Doctors & Sexual Assault

This blog has covered a lot of white-collar and health care crime recently. Today, we shake things up (perhaps only slightly) by covering a case that combines white collar, health care, and basic crimes all in one. In light of the #metoo movement, allegations of sexual assault and harassment are everywhere. Unfortunately, in this case, the allegations focus on a doctor accused of abusing his position of power over various female patients. The Manhattan D.A. recently announced a grand jury has indicted one former neurologist for sexually assaulting six female patients in his care.

Doctor Ricardo Cruciana, age 63, worked at Mount Sinai Beth Israel when these activities are alleged to have occurred.
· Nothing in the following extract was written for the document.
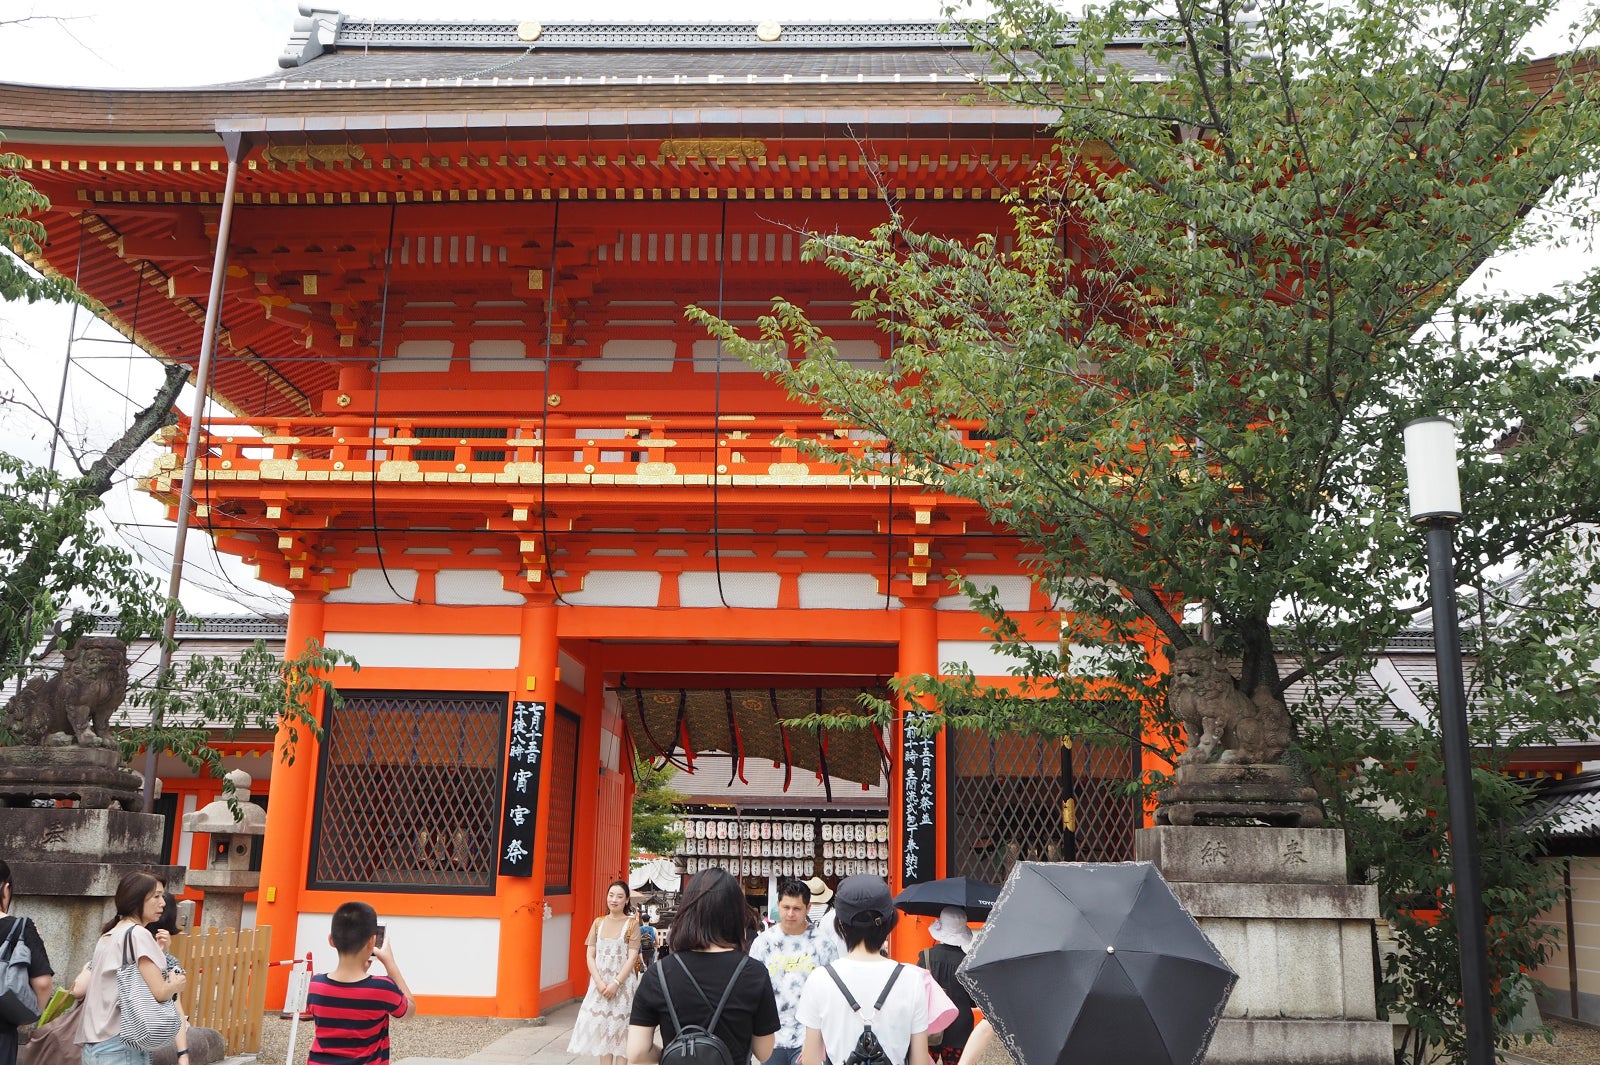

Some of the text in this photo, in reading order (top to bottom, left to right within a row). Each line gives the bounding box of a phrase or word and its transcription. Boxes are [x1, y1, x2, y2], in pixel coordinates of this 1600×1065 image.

[509, 702, 529, 762] 午後八時
[504, 768, 534, 865] 宵宮祭
According to the evidence and the record, from 2002 to 2014, the doctor served as Chief of the Palliative Care Division in the Hospital. He was charged with caring for patients who had chronic and often debilitating pain disorders. Around 2013, Cruciani is alleged to have sexually assaulted the first female victim, totaling six patients in all in one year. The victims accuse him of forcefully kissing them, groping them, and even having non-consensual sex.
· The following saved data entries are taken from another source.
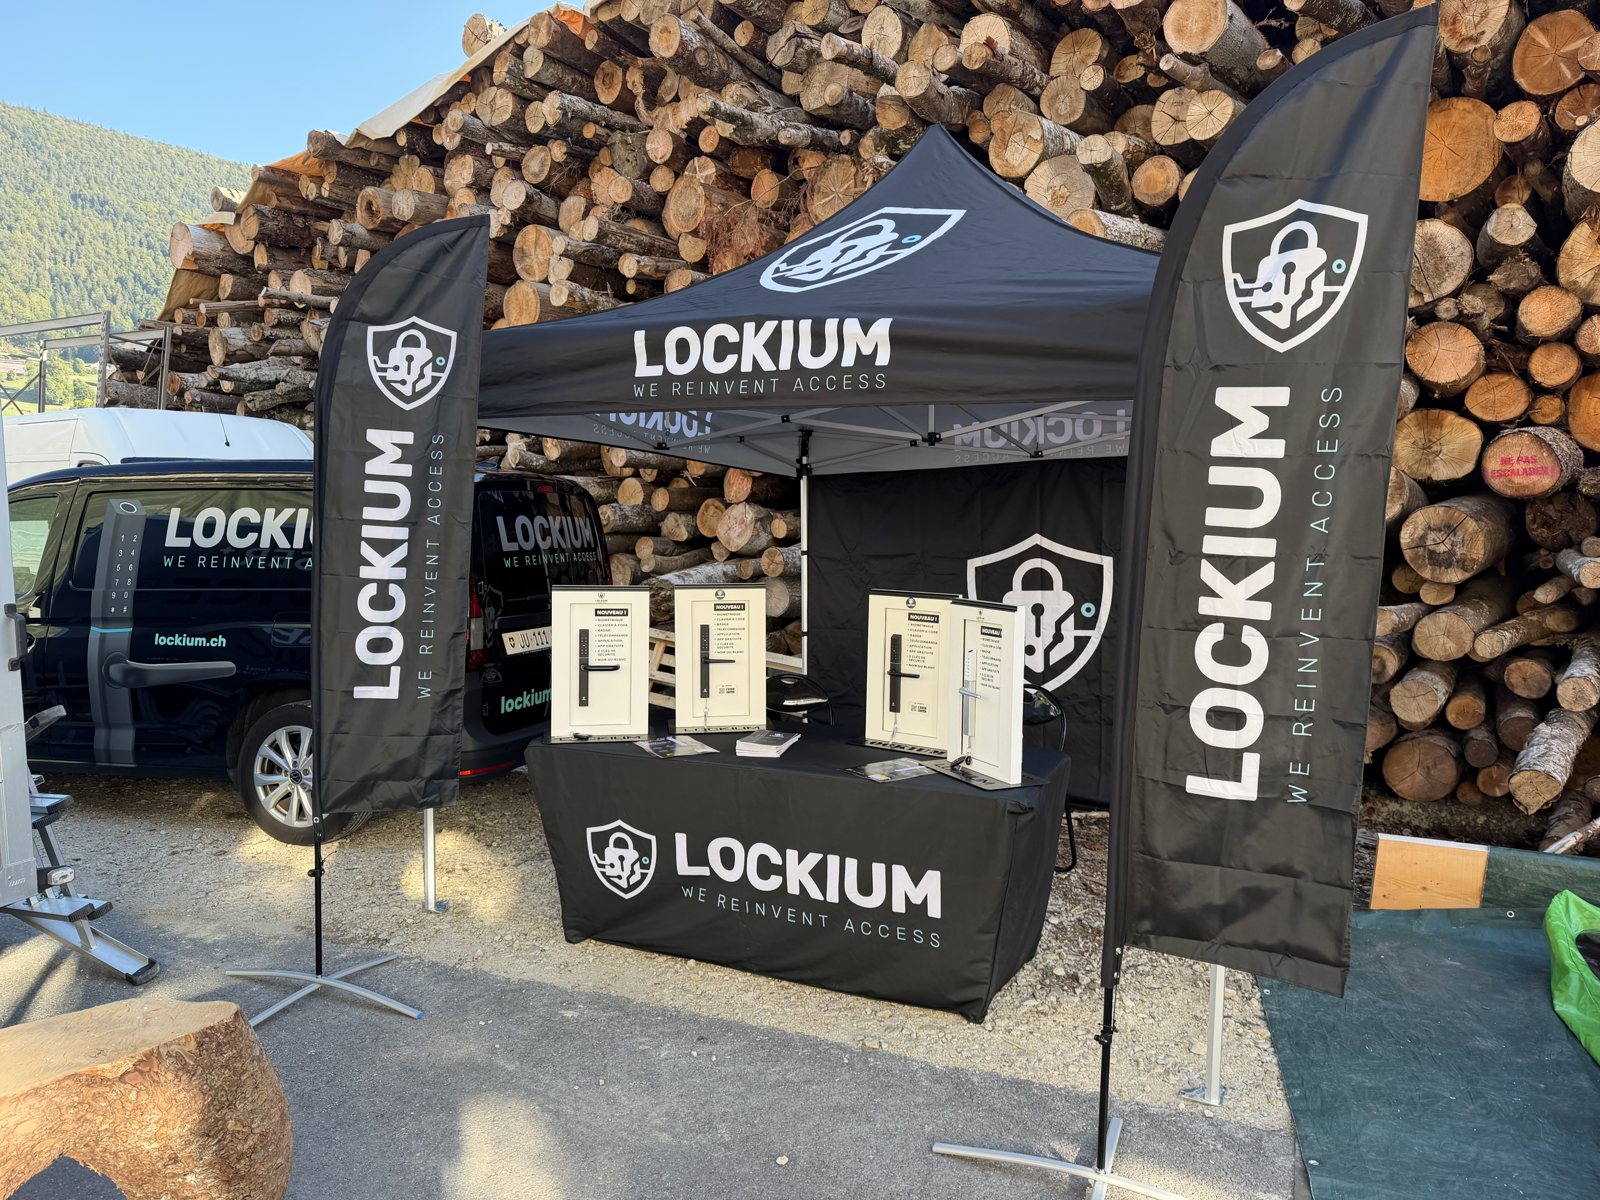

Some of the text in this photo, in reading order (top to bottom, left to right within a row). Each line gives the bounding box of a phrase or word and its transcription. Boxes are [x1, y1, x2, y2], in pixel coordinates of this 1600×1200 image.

[633, 318, 894, 378] LOCKIUM
[634, 374, 886, 398] WE REINVENT ACCESS
[164, 507, 314, 549] LOCKI
[496, 515, 595, 552] LOCKIUM
[164, 556, 186, 568] WE
[198, 556, 294, 570] REINVENT
[353, 428, 414, 700] LOCKIUM
[418, 434, 444, 699] WE REINVENT ACCESS
[504, 552, 598, 568] WE REINVENT ACCESS
[1185, 386, 1291, 802] LOCKIUM
[1286, 386, 1342, 805] WE REINVENT ACCESS
[154, 633, 226, 648] lockium.ch
[674, 832, 942, 919] LOCKIUM
[681, 886, 941, 948] WE REINVENT ACCESS
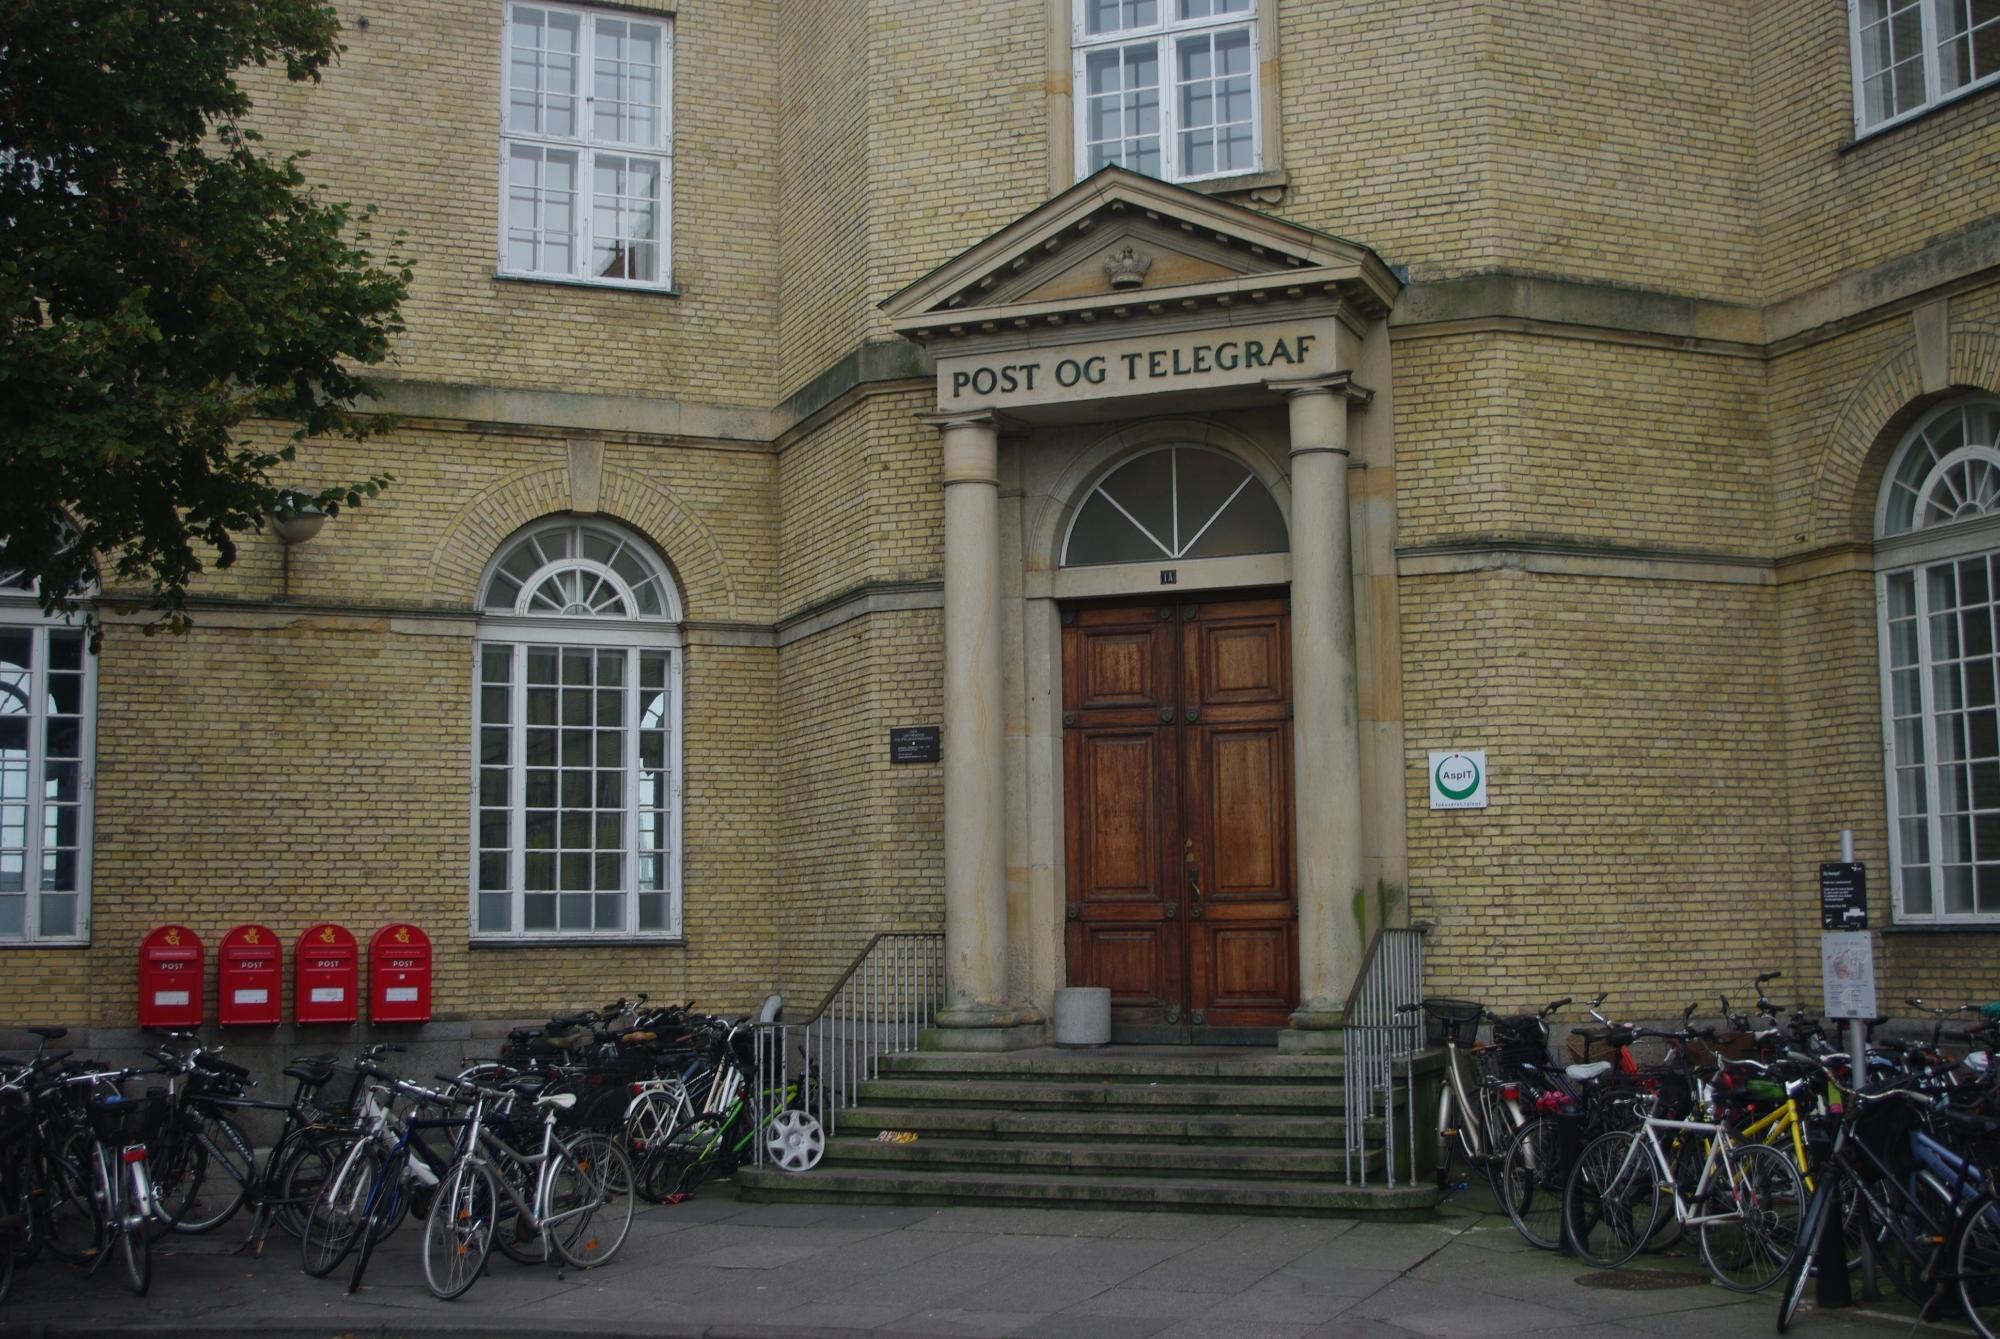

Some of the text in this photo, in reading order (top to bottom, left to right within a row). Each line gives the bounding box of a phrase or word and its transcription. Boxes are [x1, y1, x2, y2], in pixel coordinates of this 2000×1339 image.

[952, 335, 1317, 399] POST OG TELEGRAF
[1443, 770, 1473, 780] AspIT
[160, 961, 185, 971] POST
[240, 960, 264, 970] POST
[317, 959, 341, 969] POST
[392, 959, 415, 969] POST
One victim reported the conduct to the Manhattan District Attorney’s Sex Crimes Hotline. After an investigation, Cruciani was ultimately arrested in Pennsylvania and extradited to New York City. The indictment has charged the neurologist with Rape in the First and Third Degree, Criminal Sexual Act in the First and Third Degrees, Attempted Rape in the First Degree, Sexual Abuse in the First Degree and Aggravated Sexual Abuse in the Fourth Degree.
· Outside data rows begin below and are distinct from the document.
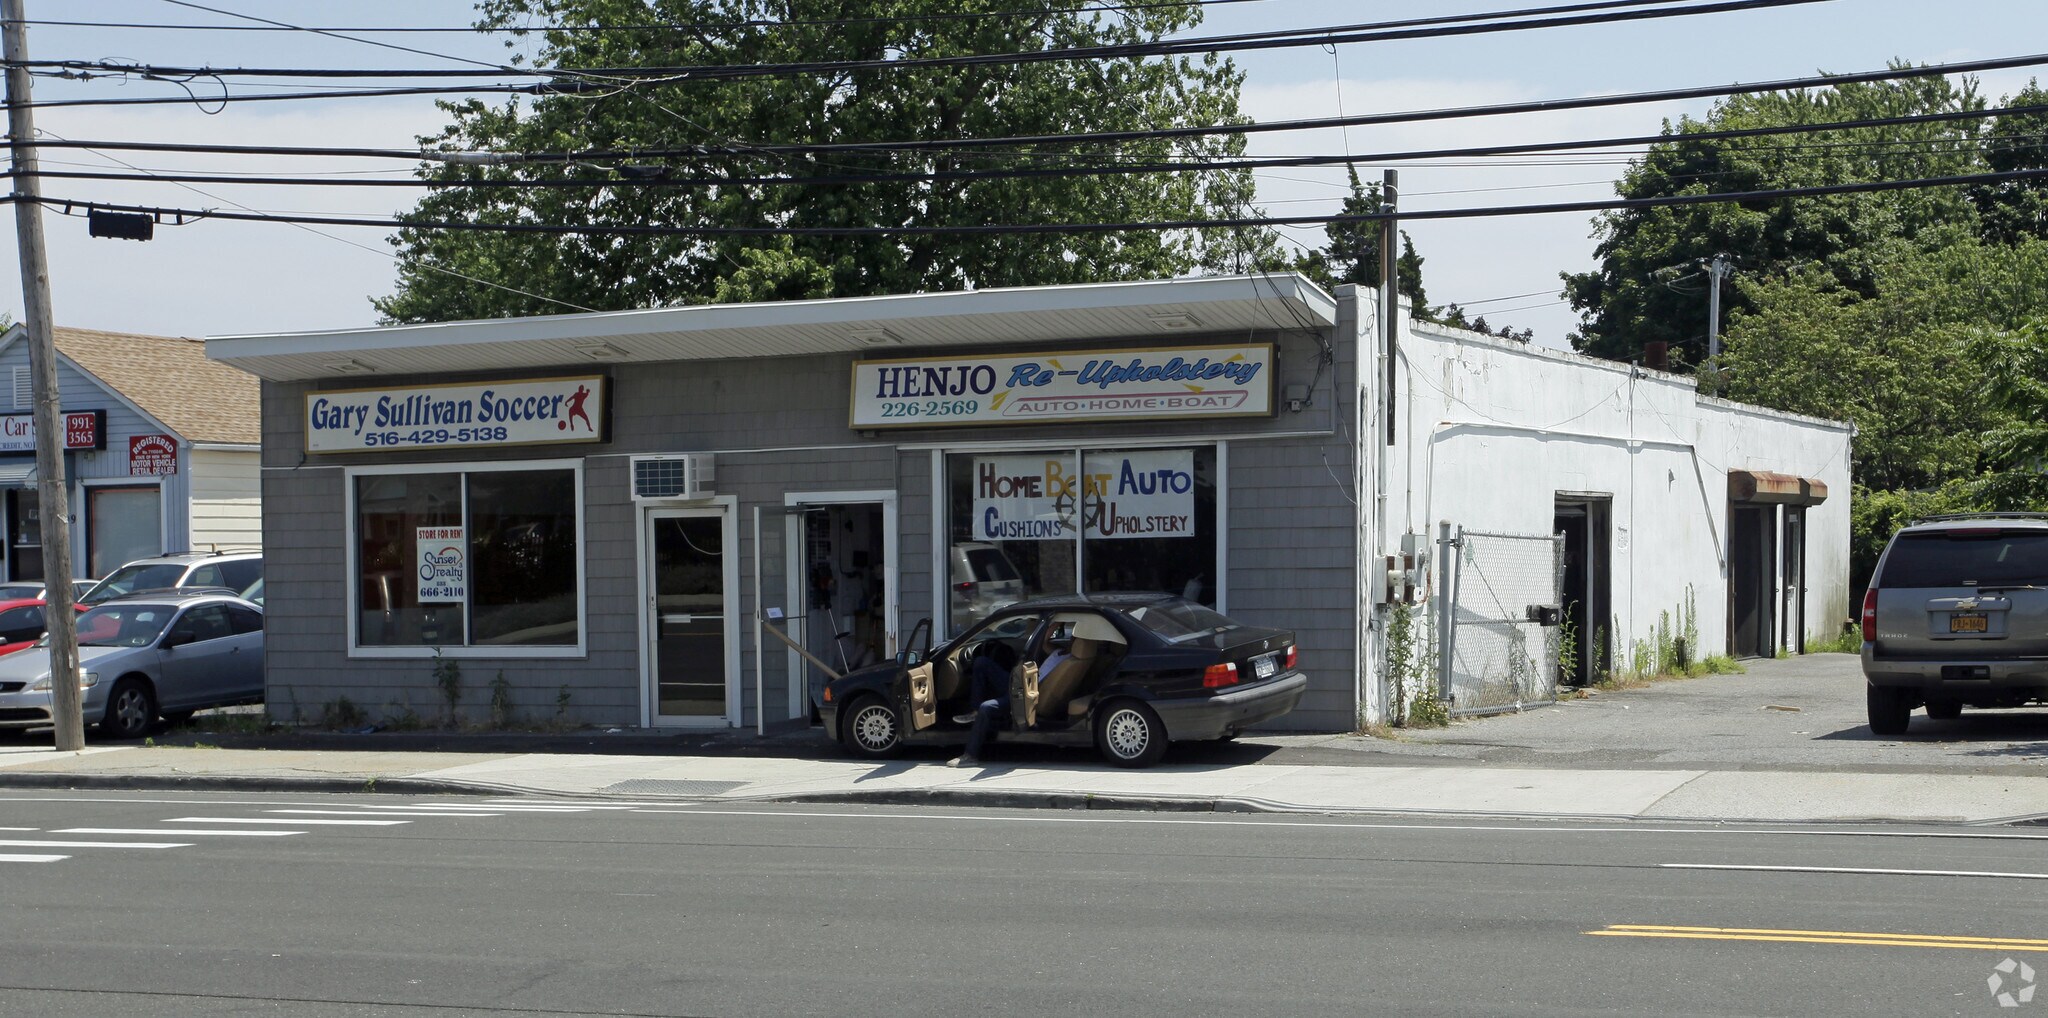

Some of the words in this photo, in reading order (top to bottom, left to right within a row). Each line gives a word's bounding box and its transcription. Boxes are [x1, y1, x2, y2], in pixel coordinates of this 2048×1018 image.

[876, 365, 997, 399] HENJO
[1005, 357, 1263, 389] Re-Upholstery
[312, 398, 370, 436] Gary
[375, 394, 473, 428] Sullivan
[477, 390, 565, 423] Soccer
[881, 400, 979, 418] 226-2569
[1017, 401, 1080, 413] AUTO
[1089, 399, 1157, 410] HOME
[1167, 396, 1232, 408] BOAT
[5, 416, 28, 437] Car
[68, 431, 93, 444] 3565
[365, 426, 508, 446] 516-429-5138
[132, 436, 174, 455] REGISTERED
[131, 460, 152, 468] MOTOR
[152, 458, 176, 467] VEHICLE
[132, 468, 152, 476] RETAIL
[152, 466, 175, 475] DEALER
[979, 462, 1042, 499] HOME
[1118, 459, 1192, 496] AUTO
[984, 506, 1062, 539] CUSHIONS
[1101, 502, 1188, 537] UPHOLSTERY
[419, 530, 436, 539] STORE
[438, 529, 449, 539] FOR
[420, 552, 457, 581] Sunset
[436, 567, 463, 581] realty
[420, 587, 464, 597] 666-2110
Of course, this is not the first instance of a doctor assaulting his patients, even in Manhattan. In fact, two years earlier, another doctor from the same hospital was indicted for the sexual abuse of his female patients around the same time period. According to a grand jury’s indictment, Dr. David Newman, age 45, was an emergency room physician who sexually abused four women in his care between August 2015 and January 2016. In one case, a woman was seeking treatment for shoulder pain. He sedated her with additional medication, rendering her physically helpless while he sexually abused her. Dr. Newman masturbated next to her while she was sedated, and ejaculated on her face. The DNA from the woman’s eye and cheek was matched to the doctor. In 2017, Dr. Newman was sentenced to two years in prison, three years of post-release supervision and will be required to register as a sex offender.

Sexual misconduct is becoming reported more frequently. The DA announced a “#MeToo” team in his office to target workplace sexual violence. The Sex Crimes Hotline has been flooded with complaints about harassment on the job. From January to October of 2017, there were 20 calls to the hotline. Since October 2017, there have been 120 calls. Individuals accused of sexual harassment and assault can face both criminal and civil liability. They will almost always pay some sort of price as to their reputations too. As the #MeToo movement grows, it will be crucial for lawyers and judges to ensure that due process is meted out fairly during litigation. The court of public opinion can be brutal but should have no bearing on the outcome of cases fought in the courtroom. Selecting a jury for sexually-based crimes in this era should be done vigilantly to ensure there is no unfair bias – particularly in those cases that have received widespread media coverage. The #metoo movement is absolutely a positive one, but legal professionals should take care to ensure it does not unfairly bias our justice system.